IL NUOVO LIBRO DEL CARDINALE SCOLA
Si intitola “Non
dimentichiamoci di Dio. Libertà di fedi, di culture e politica” il nuovo libro
scritto dal Cardinale ed edito da Rizzoli. Qui un estratto riferito in particolare al
rapporto tra Stato, religione e soggetti della società, per rispondere ai
bisogni dell’uomo.
Se è vero
che è un dovere dello Stato garantire lo spazio per l’espressione pubblica
della religione e la comunicazione fra soggetti, è altrettanto vero che
la qualità dei suoi contenuti dipenderà invece dalla vitalità di quanti lo
abitano.
In questo senso l’impegno
civile e politico dei cristiani è particolarmente urgente.

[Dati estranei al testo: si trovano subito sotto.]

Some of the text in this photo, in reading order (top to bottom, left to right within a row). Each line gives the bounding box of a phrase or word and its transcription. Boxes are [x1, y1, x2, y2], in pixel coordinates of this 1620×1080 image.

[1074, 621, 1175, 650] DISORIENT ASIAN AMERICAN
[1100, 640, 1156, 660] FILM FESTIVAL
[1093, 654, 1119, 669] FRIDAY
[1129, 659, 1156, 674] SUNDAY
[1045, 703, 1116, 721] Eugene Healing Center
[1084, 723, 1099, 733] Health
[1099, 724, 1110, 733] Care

Non si tratta solo di difendere una posizione e una concezione
particolare della vita da attacchi esterni, ma di immettere nel dibattito
pubblico delle ragioni potenzialmente valide per tutti. Ciò non implica
naturalmente che la proposta dei cattolici, per potere essere avanzata
pubblicamente in piena legittimità, debba essere in sintonia con le visioni
prevalenti nella società. Molte questioni che, per lo meno in Occidente,
toccano oggi il tema della libertà religiosa, rimandano in realtà alla visione
stessa dell’umano e al relativo «conflitto di interpretazioni»: «Il punto […] è
che se non capiamo che la crisi che fronteggiamo riguarda, ultimamente, la
natura dell’essere umano, le nostre strategie politiche […] a lungo termine
rafforzeranno i presupposti stessi che hanno prodotto la crisi. Ciò non
significa che strategie che parlano di diritti nel linguaggio liberal non
possano essere giustificate per ragioni prudenziali. Significa semplicemente
che anche queste strategie devono essere integrate […] in una concezione più
adeguata dei diritti basata su una visione più completa della persona umana».

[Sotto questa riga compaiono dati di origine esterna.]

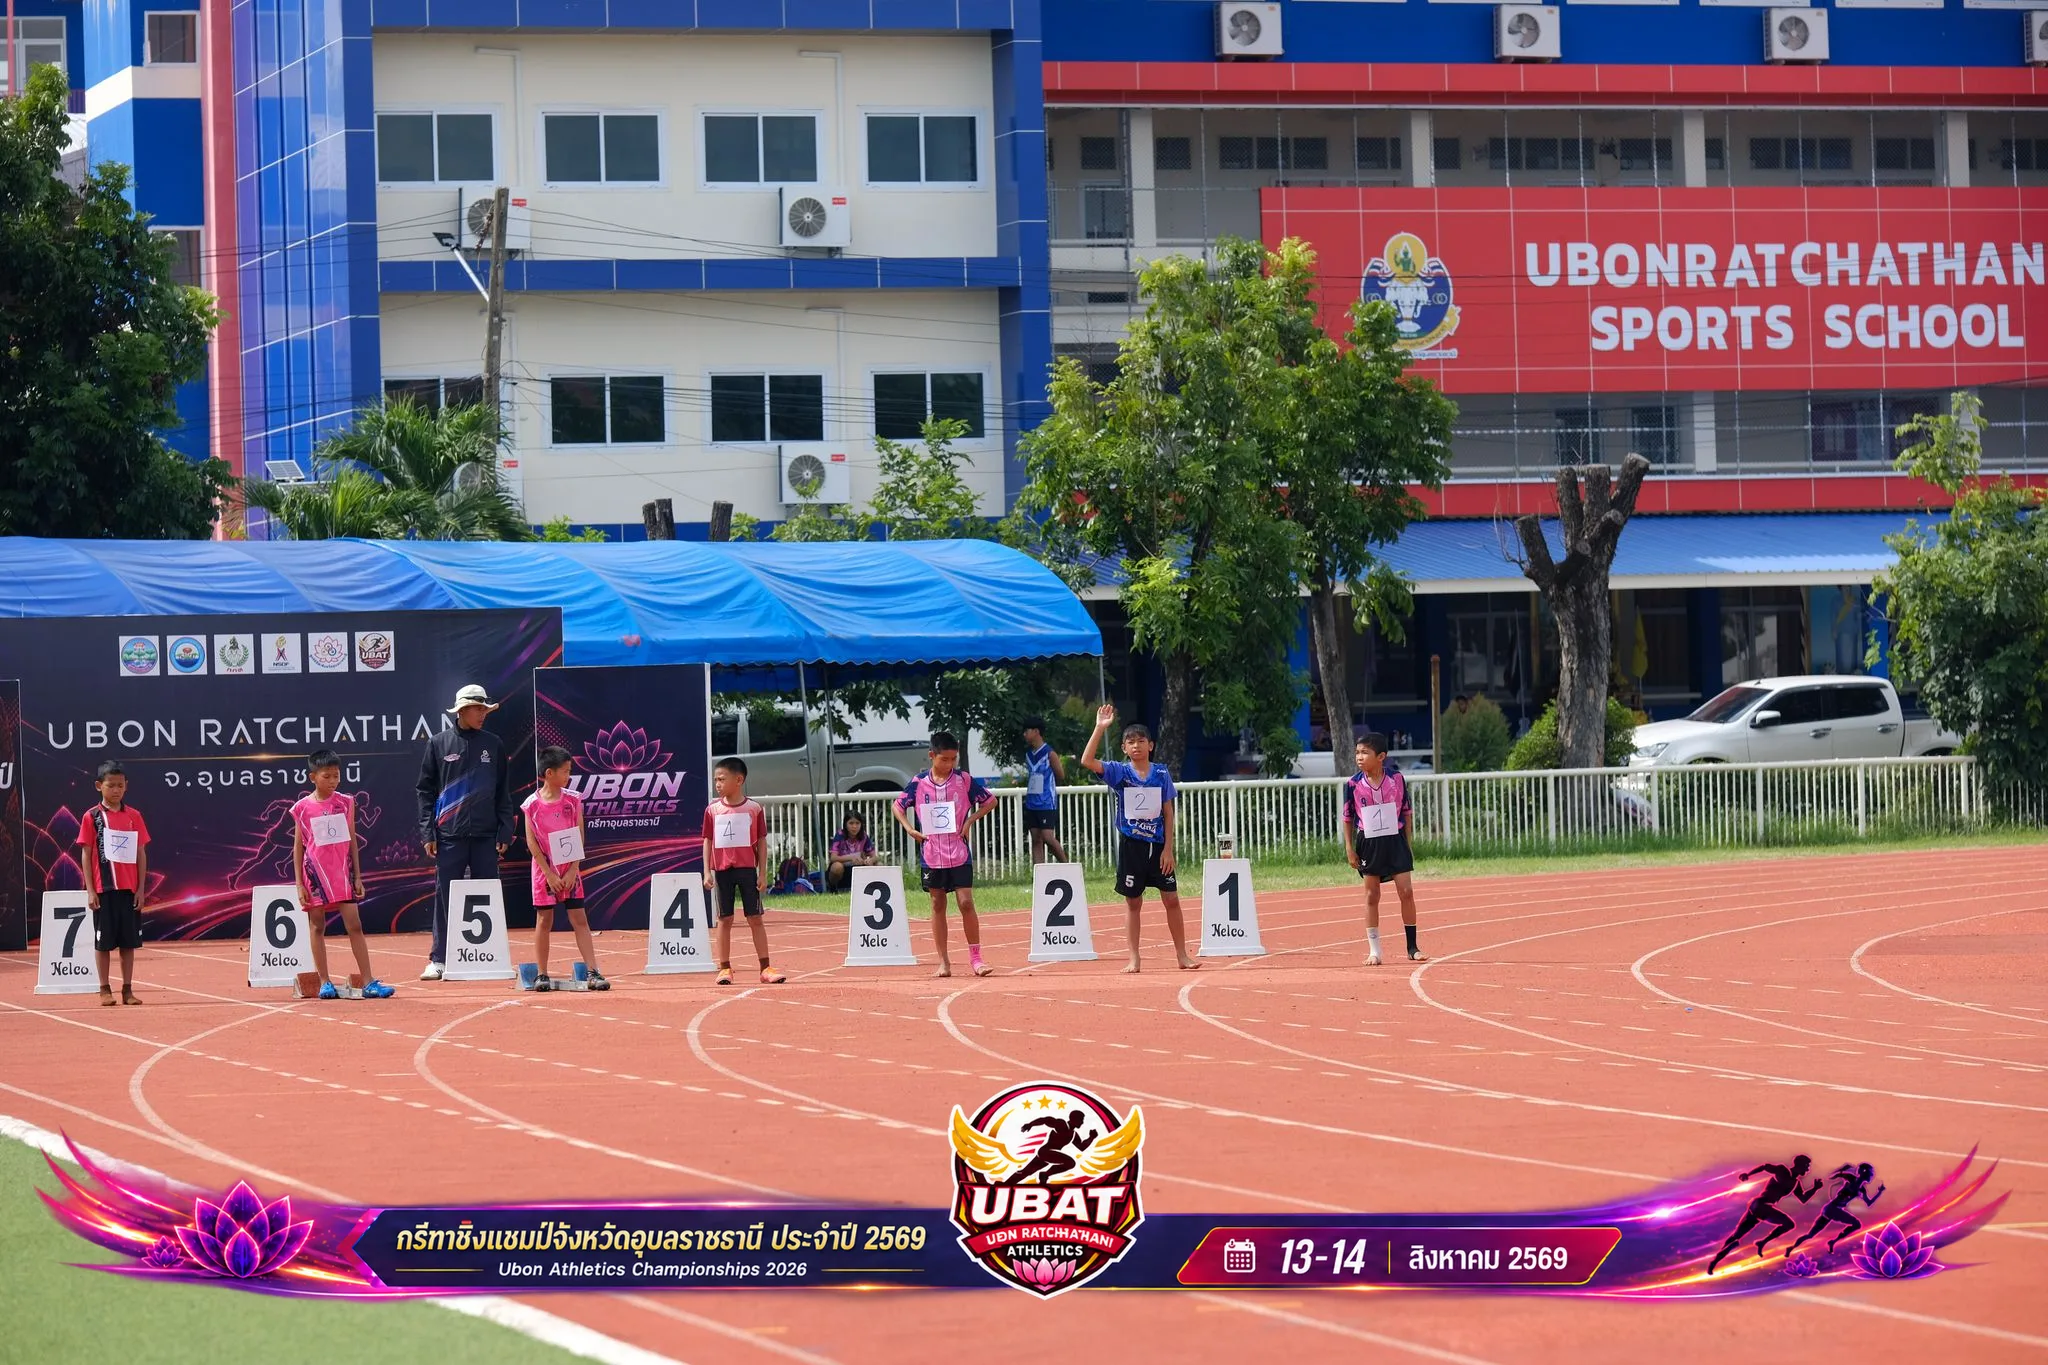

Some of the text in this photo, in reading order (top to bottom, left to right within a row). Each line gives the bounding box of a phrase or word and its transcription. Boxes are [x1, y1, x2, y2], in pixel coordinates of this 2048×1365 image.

[1526, 241, 2045, 287] UBONRATCHATHAN
[1591, 303, 2024, 352] SPORTS SCHOOL
[48, 718, 176, 749] UBON
[165, 761, 361, 794] จ.อุบลราชนี
[567, 771, 687, 800] UBON
[581, 799, 682, 816] THLETICS
[1134, 792, 1149, 811] 2
[327, 819, 337, 837] 6
[933, 806, 950, 828] 3
[1372, 808, 1390, 832] 1
[723, 820, 735, 840] 4
[111, 835, 129, 854] 7
[559, 835, 573, 858] 5
[1125, 875, 1135, 887] 5
[863, 881, 893, 930] 3
[1044, 879, 1075, 927] 2
[1218, 872, 1239, 921] 1
[265, 898, 297, 949] 6
[461, 894, 493, 944] 5
[663, 888, 694, 938] 4
[53, 907, 86, 957] 7
[1042, 931, 1077, 945] Nelco
[1211, 923, 1245, 938] Nelco
[261, 952, 298, 967] Nelco
[457, 948, 494, 963] Nelco
[660, 941, 696, 956] Nelco
[51, 961, 89, 976] Nelco

A essere in gioco non è perciò soltanto la
possibilità dei cristiani e più in generale dei credenti di esprimersi
pubblicamente, ma di farlo sapendo e potendo rendere adeguatamente ragione
della propria esperienza, cosa che sposta l’accento dal diritto dei credenti al
loro dovere di testimonianza. Il cristianesimo ha infatti la pretesa di
rispondere alle attese e ai bisogni di tutto l’uomo e di tutti gli uomini, come
proposta e mai come imposizione.
Lo stesso Habermas ritiene in proposito che sia del tutto
giustificabile, al di là dello sforzo di traduzione delle proposte in un
linguaggio pubblico accreditato, anche «l’ammissione di enunciazioni religiose
non tradotte nella sfera pubblica». Il motivo è semplice: uno Stato veramente
democratico «non può scoraggiare i credenti e le comunità religiose
dall’esprimersi come tali anche politicamente, perché non può sapere se, in
caso contrario, la società laica non si privi di importanti risorse di
creazione del senso».
Si potrebbe
aggiungere che qualsiasi interpretazione amputata o parziale del cristianesimo, che ne
privilegiasse cioè taluni aspetti a scapito di altri, finirebbe inesorabilmente
per essere strumentalizzata, minerebbe l’originalità stessa della proposta
cristiana e ridurrebbe i cattolici all’irrilevanza. Giova tra l’altro ricordare
quanto il Concilio insegna a proposito del ruolo dei fedeli laici nella
società: «A loro spetta di illuminare e ordinare tutte le cose temporali, alle
quali sono strettamente legati, in modo che sempre siano fatte secondo Cristo,
e crescano e siano di lode al Creatore e al Redentore». Non è un invito a
perseguire l’egemonia, ma piuttosto il riconoscimento del fatto che una fede
integralmente vissuta ha un’irrinunciabile rilevanza antropologica, sociale e
cosmologica, carica di conseguenze politiche assai concrete. Se si testimoniano
in ogni ambito dell’umana esistenza, compreso quello politico e partitico, le
proprie convinzioni, non si lede il diritto di nessuno.
Al contrario
mentre lo si promuove si mette in moto la virtuosa ricerca del compromesso
(cum-promitto) nobile, su beni specifici di carattere etico, sociale,
culturale, economico e politico. Qualora sui principi irrinunciabili non fosse
possibile l’accordo con gli altri «abitanti» la società plurale, si farà
ricorso all’obiezione di coscienza. Quest’ultima tra l’altro, a differenza di
quanto ritengono alcuni, non ha solo lo scopo, privato, di esentare un soggetto
da comportamenti per lui inaccettabili, ma anche quello di richiamare
all’attenzione generale tematiche per le quali si ritiene che non si sia ancora
formata un’adeguata sensibilità, contribuendo così in maniera preziosa al
dibattito pubblico. Su questa dimensione sociale dell’obiezione di coscienza è
più che mai necessaria un’ampia riflessione che purtroppo oggi ancora manca.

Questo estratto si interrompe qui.